The test took place on December 22. The physican assistant who administered it told me that I would have the results the next day. But I didn’t. When I called the lab company to ask, I was told that it could actually take up to three days. Of course, the third day after the test was Christmas, and it was in the middle of a long holiday weekend. I had planned to visit Mom in Rock Hill for Christmas, but that didn’t seem possible now. I canceled the trip and, for the first time in my life, spent Christmas alone. (Marie had Christmas dinner with friends, and she was kind enough to bring me several plastic containers of food, so I did have Christmas dinner.)

I called again on December 28, the first normal workday after the holiday, and was told that the lab company had no record of my ever having taken the test. Apparently, they had lost it. I would have to retested. I was stunned. But before I could schedule another test, I suddenly received an e-mail from the lab company with the results of the test. They didn’t say how this was possible when they had told me a day before that they couldn’t find it.

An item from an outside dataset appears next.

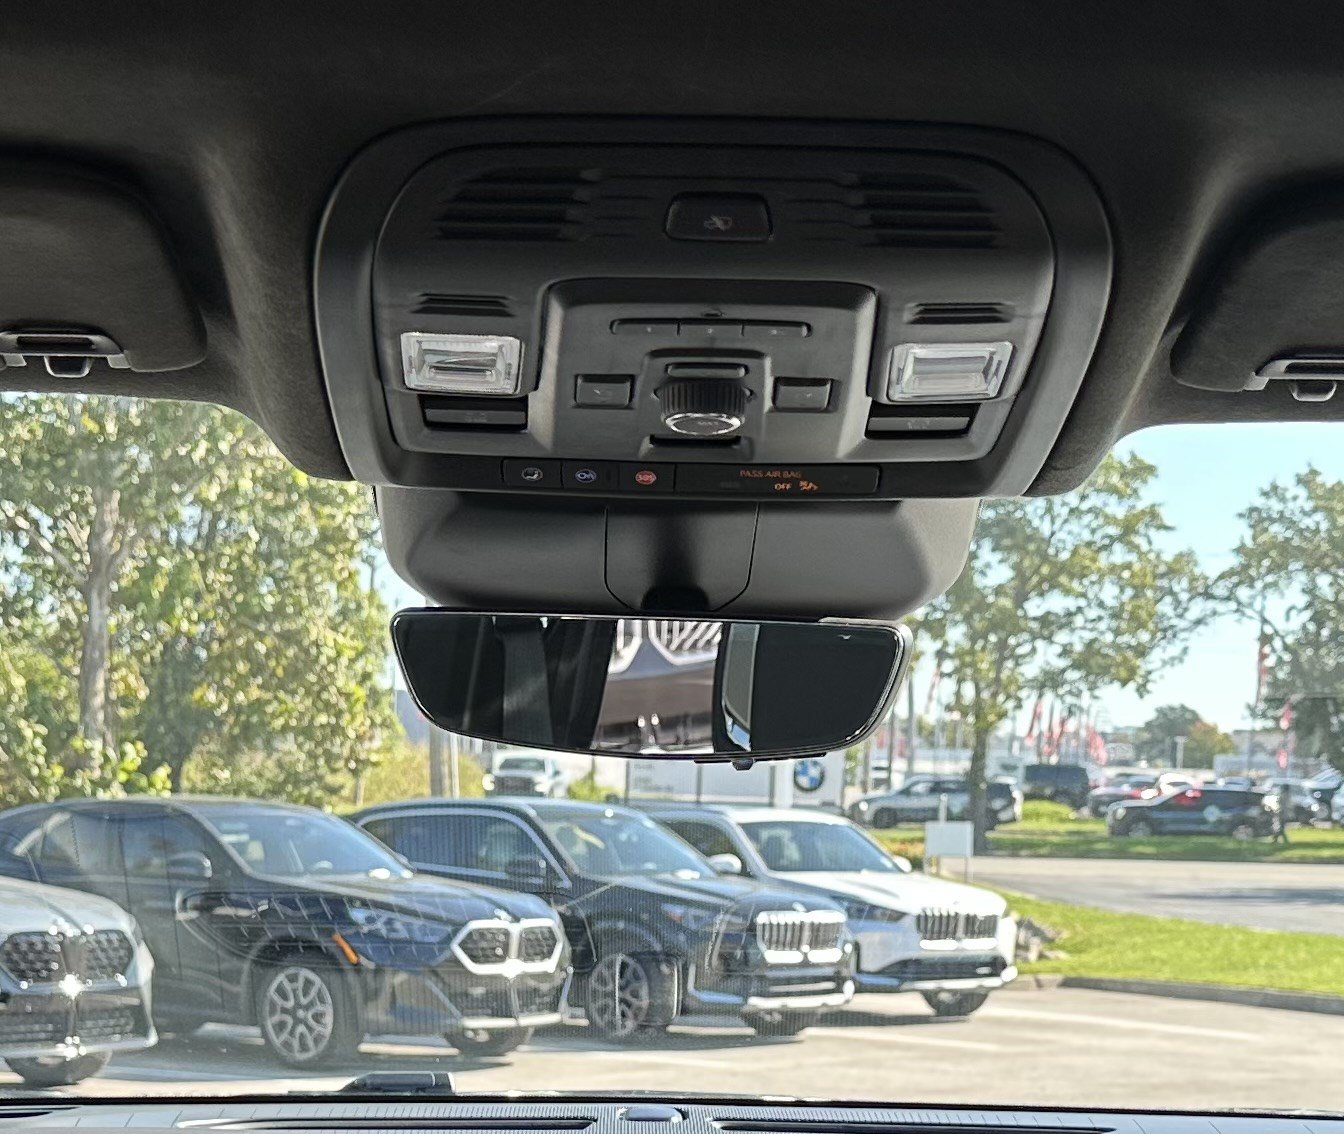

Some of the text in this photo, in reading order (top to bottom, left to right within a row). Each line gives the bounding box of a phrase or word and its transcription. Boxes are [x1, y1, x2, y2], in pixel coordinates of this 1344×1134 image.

I read the results. I was negative for COVID, for both of this year’s strains of flu, and for respiratory syncytial virus. Good news, right? Not at all. In fact, I was frightened by the news. It meant that my symptoms were not going to go away on their own, because I wasn’t sick with a virus. Something else was causing my shortness of breath and fatigue. And at this point, my lung capacity was barely enough to keep me alive. If I did catch something that compromised it further, like COVID or flu, it would probably kill me.

I realized that I had run out of options. I had to go to the hospital. That evening, the night of December 29, I drove myself to WakeMed Cary and parked outside the entrance to the emergency department. Unfortunately, I had to park on the far side of the parking lot. It wasn’t a large parking lot, and had I been in good health, I could have walked to the entrance in a minute or two. But I wasn’t in good health, and I also had some things to carry. Knowing that I would probably be admitted, I had packed a gym bag with a few necessities. And I had the messenger bag that goes everywhere with me (basically my version of a purse). So I slung those bags on my person and started the trek to the entrance.

In my memory, that walk across the parking lot is the emotional low point. It seemed to take forever. I couldn’t move very fast, and I kept having to stop and catch my breath. Would I even make it to the door? Or would I collapse and die in the parking lot? That sounds melodramatic now, even to me. But it’s what was going through my head at the time.

Finally, I reached the entrance, approached the front desk, and explained (stopping frequently for breath) why I was there. Almost immediately, I was helped into a wheelchair and rolled into a sort of anteroom where I answered a bunch of questions from a nurse. Then a doctor checked my vital signs and reviewed what I had reported about my symptoms. On the basis of my difficulty breathing and the recent rapid weight gain, I was taken into a room in the emergency department for treatment.